Kanadische Robbenjagd 2012 hat begonnen

(pur). Trotz der inzwischen auch im eigenen Land immer mehr anwachsenden Gegnerschaft hat das kanadische Fischereiministerium DFO die Jagd auf Sattelrobben und Klappmützen freigegeben. Die Quote hat es auf 400.000 Tiere festgesetzt. Das ist dieselbe Quote wie letztes Jahr. In der Robbenjagd-Saison 2011 landeten die Robbenjäger allerdings nur 38.000 Felle an – das niedrigste Ergebnis seit der Wiederaufnahme der Robbenjagd im Jahr 1996. Im Rekordjahr 2004 waren zehn Mal so viele Sattelrobben erlegt worden: 365.971.
Ein Grund für das starke Absinken sind die Schwierigkeiten der Fischer, für die Felle Abnehmer zu finden. Für die EU gilt seit 2010 ein Importverbot für Robbenprodukte.

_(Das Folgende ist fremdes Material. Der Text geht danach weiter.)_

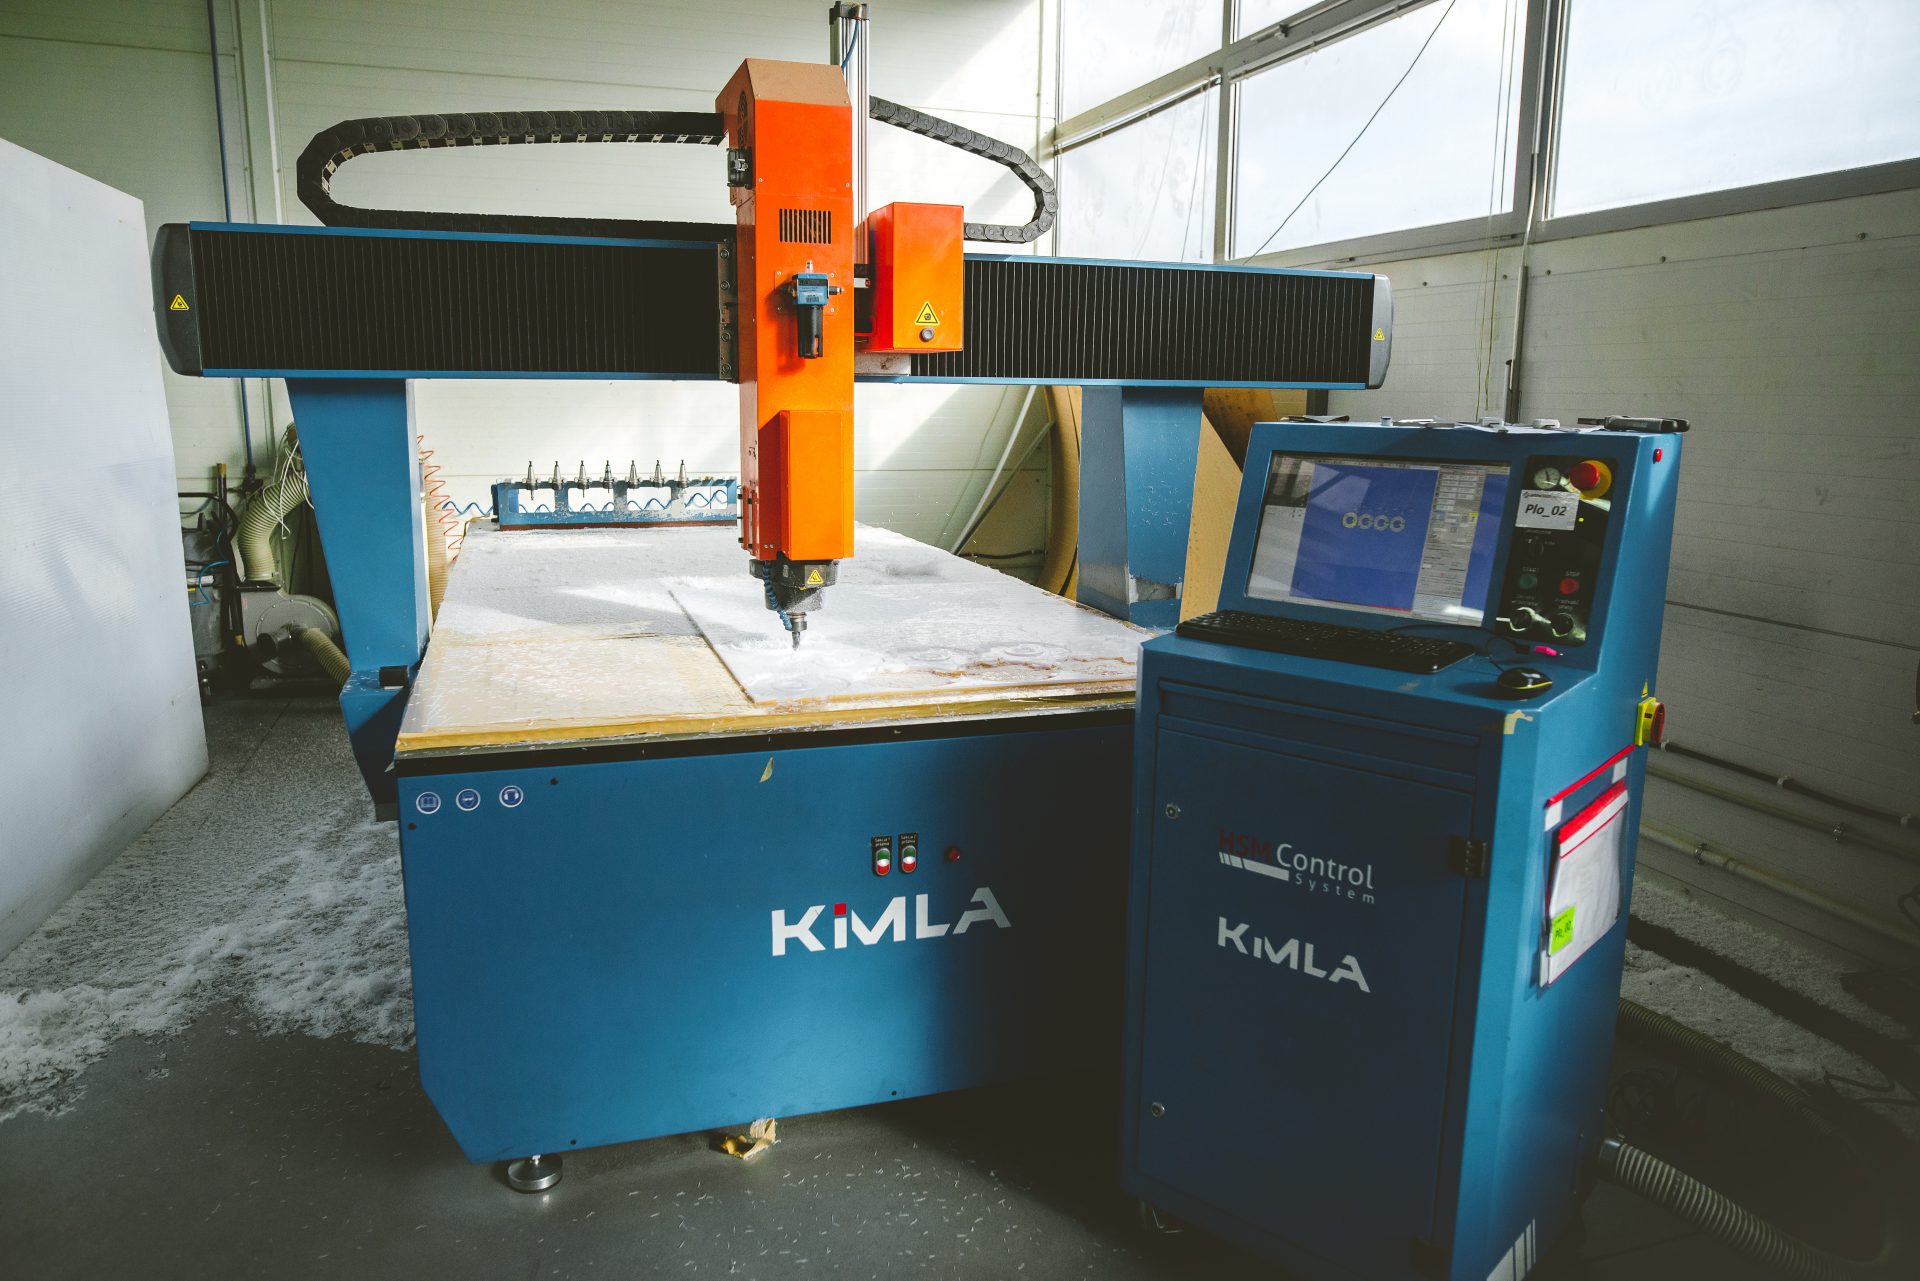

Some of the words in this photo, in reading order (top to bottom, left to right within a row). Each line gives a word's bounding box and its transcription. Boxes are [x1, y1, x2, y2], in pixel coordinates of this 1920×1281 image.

[1524, 503, 1567, 518] Plo_02
[1217, 830, 1273, 864] HSM
[1276, 843, 1374, 890] Control
[1295, 872, 1375, 905] System
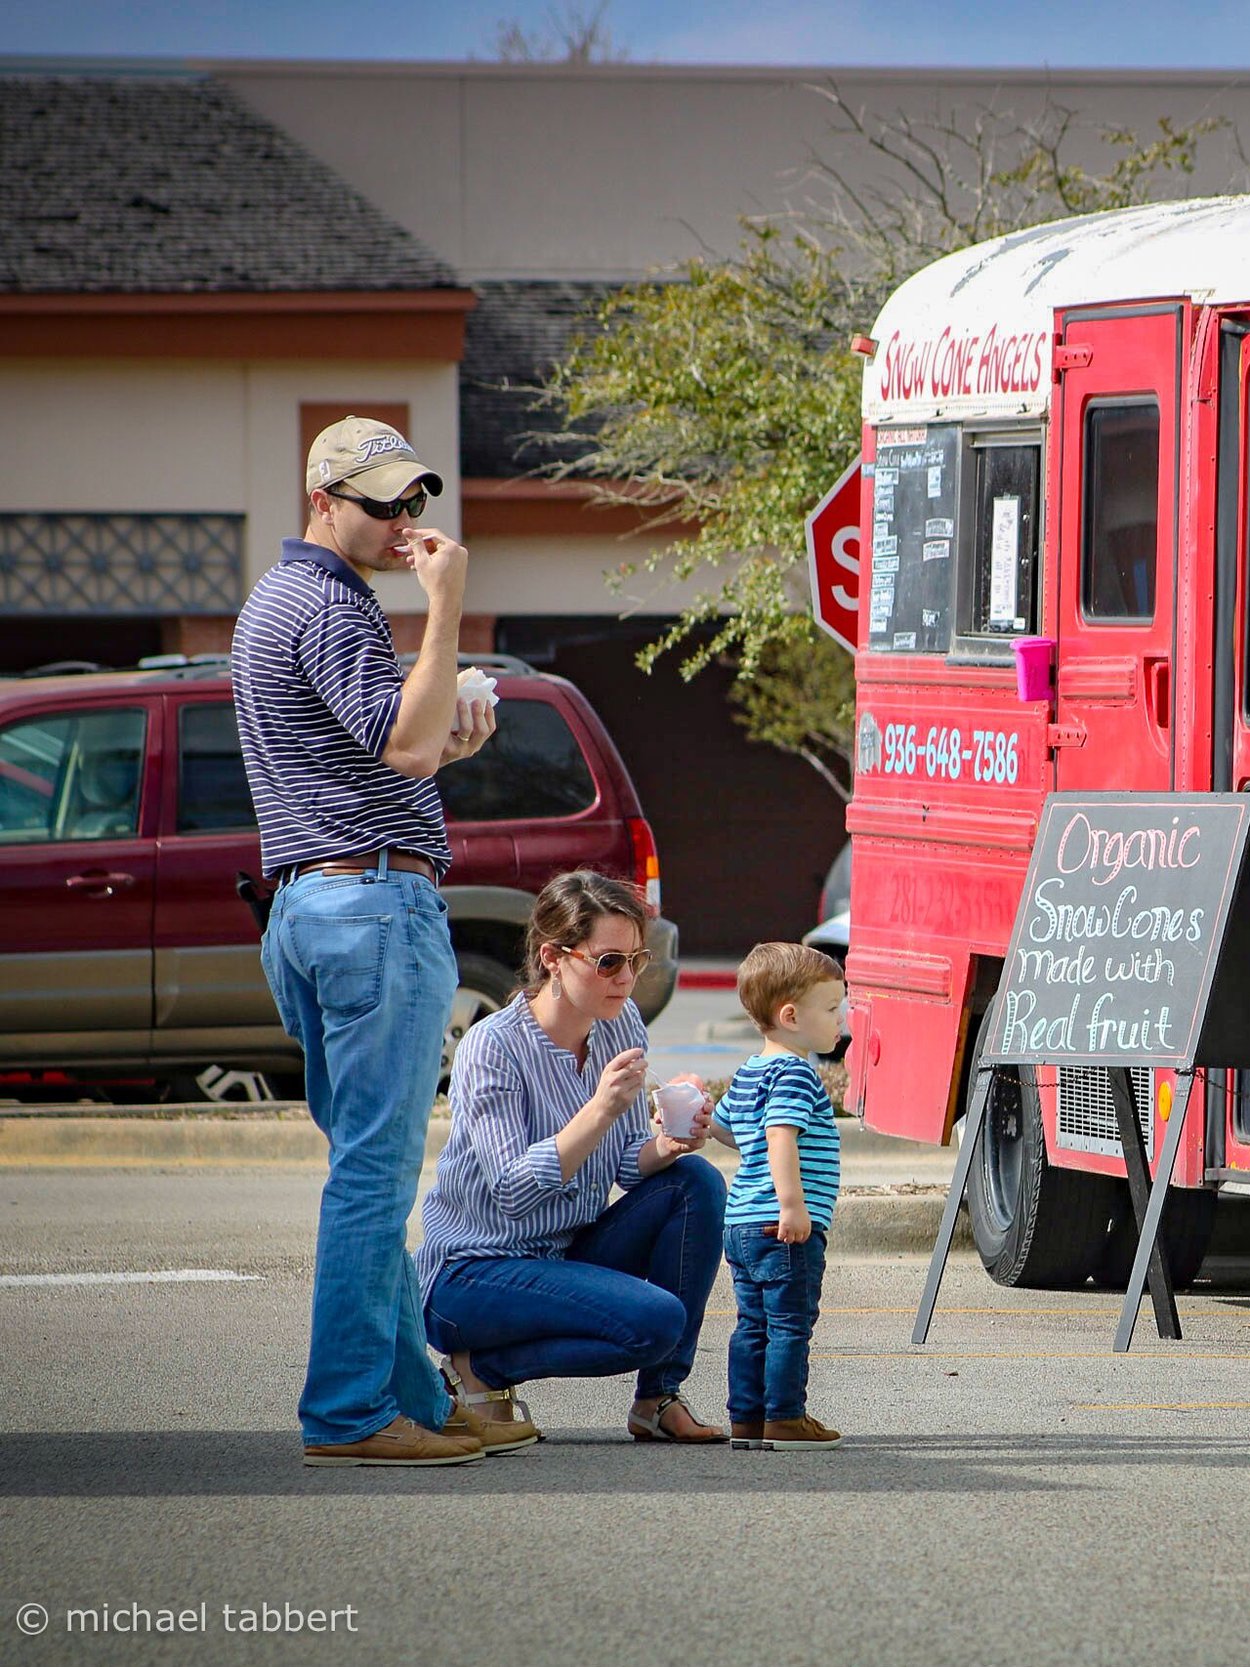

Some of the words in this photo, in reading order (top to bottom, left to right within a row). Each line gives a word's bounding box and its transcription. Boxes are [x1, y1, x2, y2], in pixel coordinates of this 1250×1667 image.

[881, 330, 932, 400] SNOW
[931, 325, 980, 398] CONE
[976, 323, 1047, 394] ANGELS
[884, 723, 1019, 784] 936-648-7586
[1057, 812, 1201, 886] Organic
[1105, 948, 1175, 987] with
[1001, 989, 1081, 1055] Real
[1086, 992, 1176, 1052] fruit

Zu dem EU-Embargo kommt in diesem Jahr hinzu: Seit dem 1. Januar dieses Jahres ist ein Beschluss in Kraft, der auch die Märkte in Russland, Weißrussland und Kasachstan für Robbenfelle sperrt. Der Versuch der kanadischen Regierung, auf China auszuweichen, war bislang nicht von Erfolg gekrönt.

Der Vorsitzende der Vereinigung der Robbenjäger, Eldred Woodford, erklärte,die Robbenjäger könnten ihre Boote nicht für die Ausfahrt präparieren, weil vom Handel keine klaren Aussagen vorliegen, welche Stückzahl an Fellen er abzunehmen gedenkt, noch welchen Preis er zu zahlen bereit sei. Ohne diese Grundinformation werde kein Robbenjäger Geld in Proviant investieren.

Die Kritik an der kommerziellen kanadischen Robbenjagd verfügt über schlagkräftige Argumente:

Die „seal harvest“, die Robben-„Ernte“, wie die Jagd auch an der Atlantikküste genannt wird, ist das größte Massaker an Meeressäugetieren auf der Welt.

Sie ist mit inakzeptablen Grausamkeiten verbunden.

Sie ist sinnlos, denn es besteht kein Bedarf an Robbenfellen.

Das Argument, die Robben würden den Fischern die Fische wegfressen, gilt nicht. An den knapper werdenden Ressourcen ist Überfischung schuld.

Den Robbenbeständen setzt bereits die globale Erwärmung zu. Seit Jahren unterbindet das viel zu warme Klima an der Atlantikküste eine robuste Eisbildung. Größere, feste Eisschollen benötigen die Robbenmütter, um darauf ihre Jungen zur Welt zu bringen und zwei Wochen lang zu säugen. Fehlt das Eis, wird der Nachwuchs im Wasser geboren und muss ertrinken. Auch in diesem Jahr sind die Eisbedingungen für die Robben wieder katastrophal.